From: Andrzej Pietrasiewicz <andrzej.p@samsung.com>
To: Eric Dumazet <eric.dumazet@gmail.com>
Cc: linux-kernel@vger.kernel.org, linux-usb@vger.kernel.org,
Kyungmin Park <kyungmin.park@samsung.com>,
Felipe Balbi <balbi@ti.com>,
Greg Kroah-Hartman <gregkh@linuxfoundation.org>,
Marek Szyprowski <m.szyprowski@samsung.com>,
Michal Nazarewicz <mina86@mina86.com>,
"David S. Miller" <davem@davemloft.net>,
Alexey Kuznetsov <kuznet@ms2.inr.ac.ru>,
James Morris <jmorris@namei.org>,
Hideaki YOSHIFUJI <yoshfuji@linux-ipv6.org>,
Patrick McHardy <kaber@trash.net>,
netdev@vger.kernel.org
Subject: Re: [PATCH] net: sk == 0xffffffff fix - not for commit
Date: Fri, 17 Jan 2014 13:47:28 +0100 [thread overview]
Message-ID: <52D92660.5060308@samsung.com> (raw)

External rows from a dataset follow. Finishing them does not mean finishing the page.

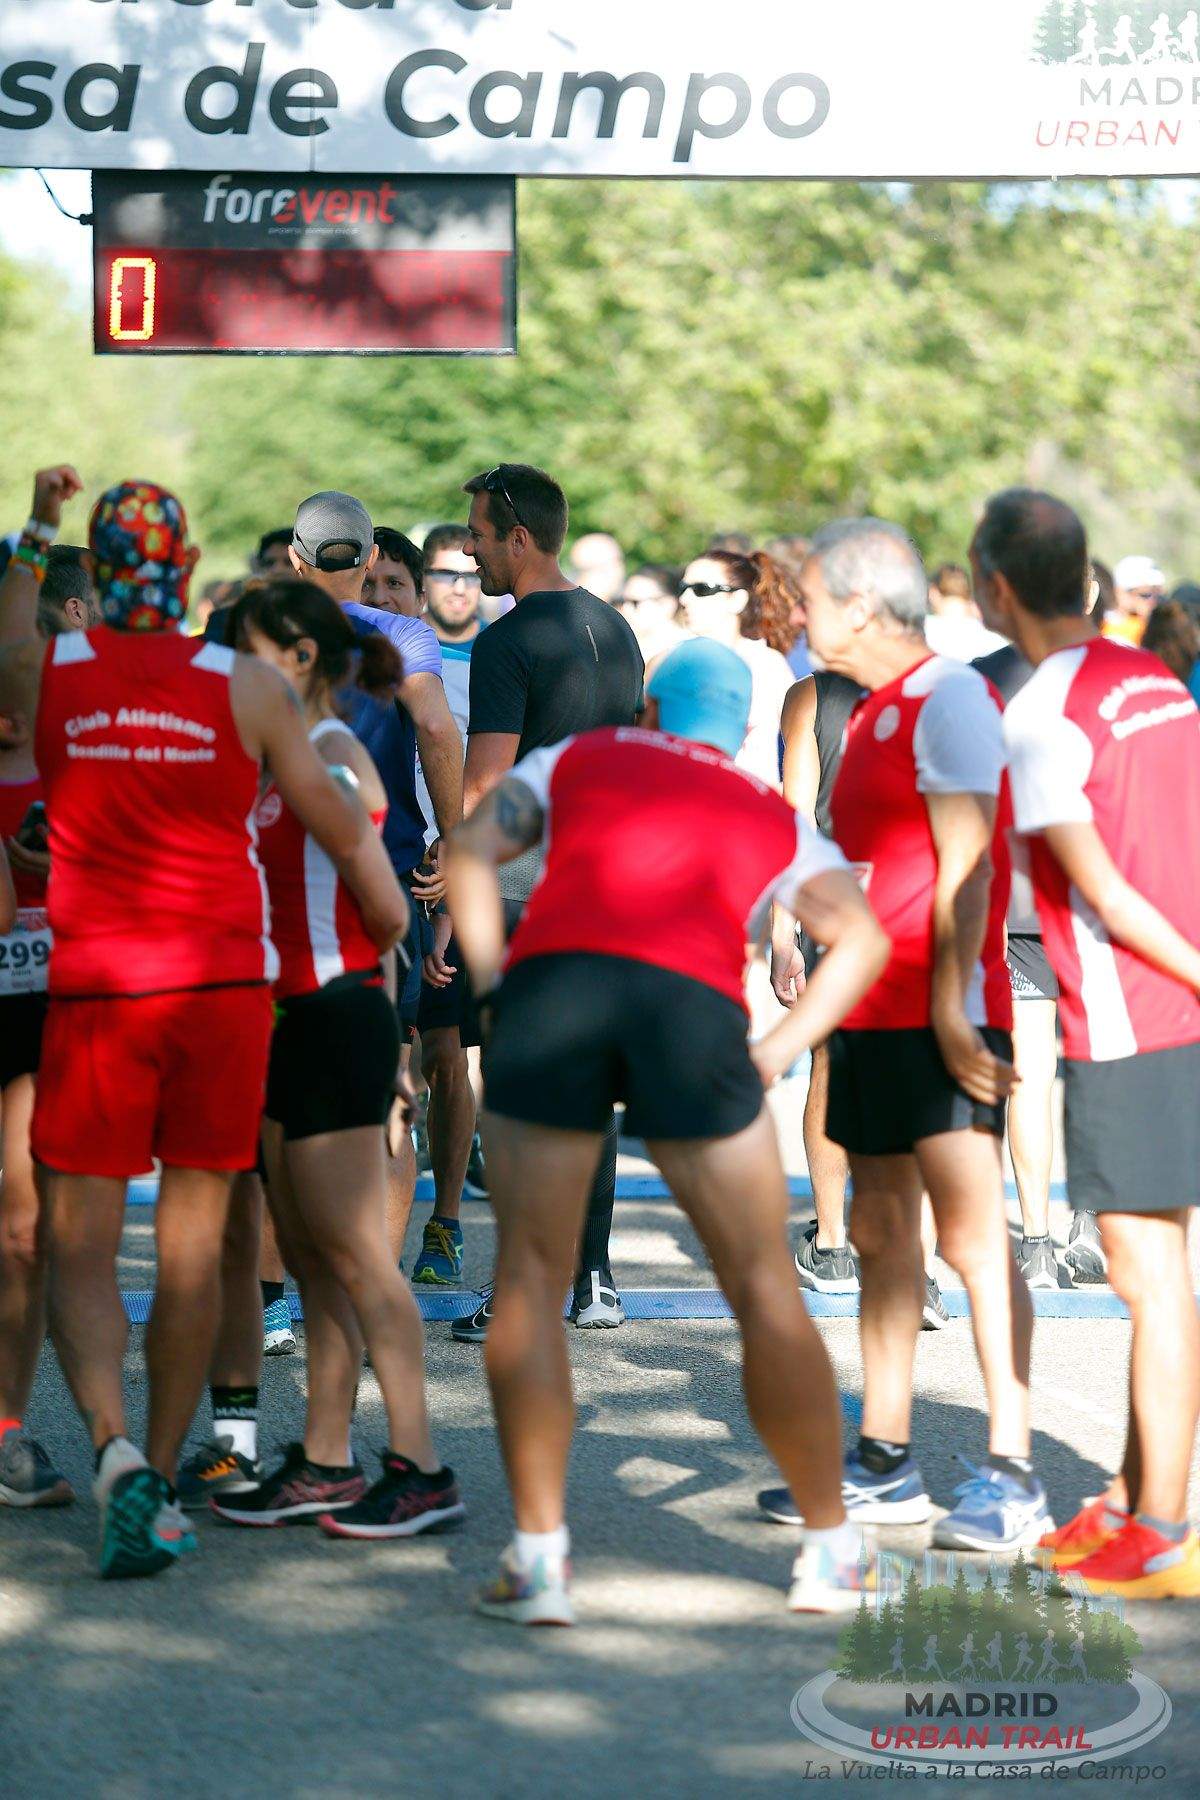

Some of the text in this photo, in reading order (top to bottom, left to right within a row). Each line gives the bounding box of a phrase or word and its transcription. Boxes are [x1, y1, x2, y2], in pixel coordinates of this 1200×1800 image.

[184, 43, 339, 137] de
[384, 48, 831, 162] Campo
[1035, 119, 1181, 147] URBAN
[203, 174, 398, 224] forevent
[110, 257, 156, 341] 0
[64, 706, 217, 743] Club Atletismo
[134, 745, 161, 762] del
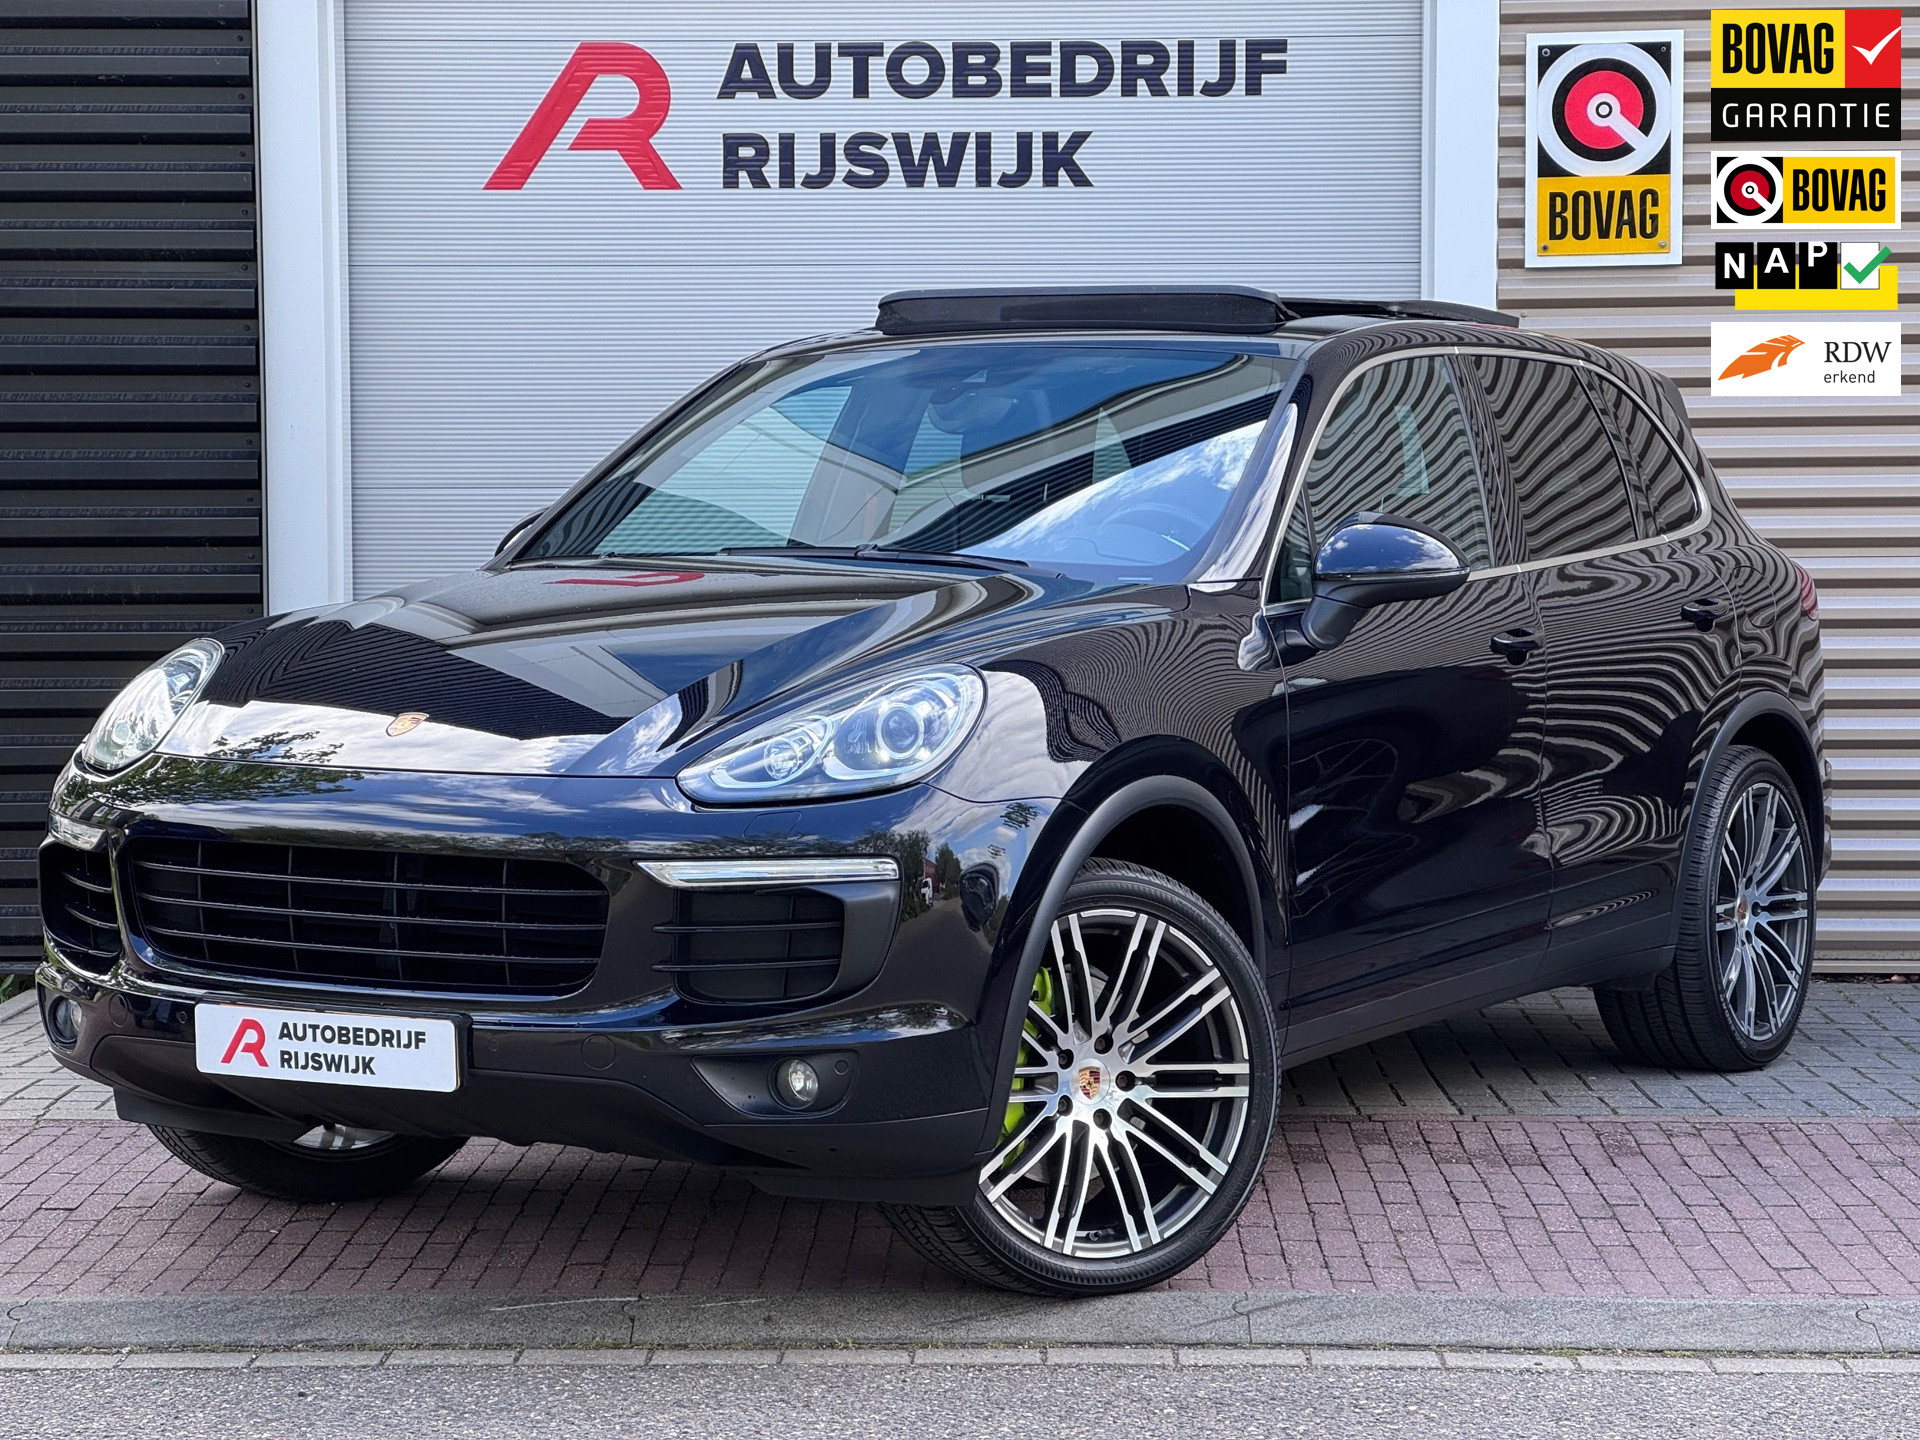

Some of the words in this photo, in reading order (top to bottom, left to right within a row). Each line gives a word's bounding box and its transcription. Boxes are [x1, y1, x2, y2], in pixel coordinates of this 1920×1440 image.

[717, 38, 1288, 99] AUTOBEDRIJF
[722, 131, 1094, 189] RIJSWIJK
[1548, 188, 1660, 241] BOVAG
[278, 1021, 426, 1049] AUTOBEDRIJF
[279, 1050, 376, 1075] RIJSWIJK

In-Reply-To: <52D91FAF.8090109@samsung.com>
W dniu 17.01.2014 13:18, Andrzej Pietrasiewicz pisze:
> W dniu 16.01.2014 17:29, Eric Dumazet pisze:
>> On Thu, 2014-01-16 at 16:21 +0100, Andrzej Pietrasiewicz wrote:
>>> W dniu 10.12.2013 15:25, Eric Dumazet pisze:
>>>> On Tue, 2013-12-10 at 07:55 +0100, Andrzej Pietrasiewicz wrote:
>>>>> W dniu 09.12.2013 16:31, Eric Dumazet pisze:
>>>>>> On Mon, 2013-12-09 at 12:47 +0100, Andrzej Pietrasiewicz wrote:
>>>>>>> NOT FOR COMMITTING TO MAINLINE.
>>>>>>>
>>>>>>> With g_ether loaded the sk occasionally becomes 0xffffffff.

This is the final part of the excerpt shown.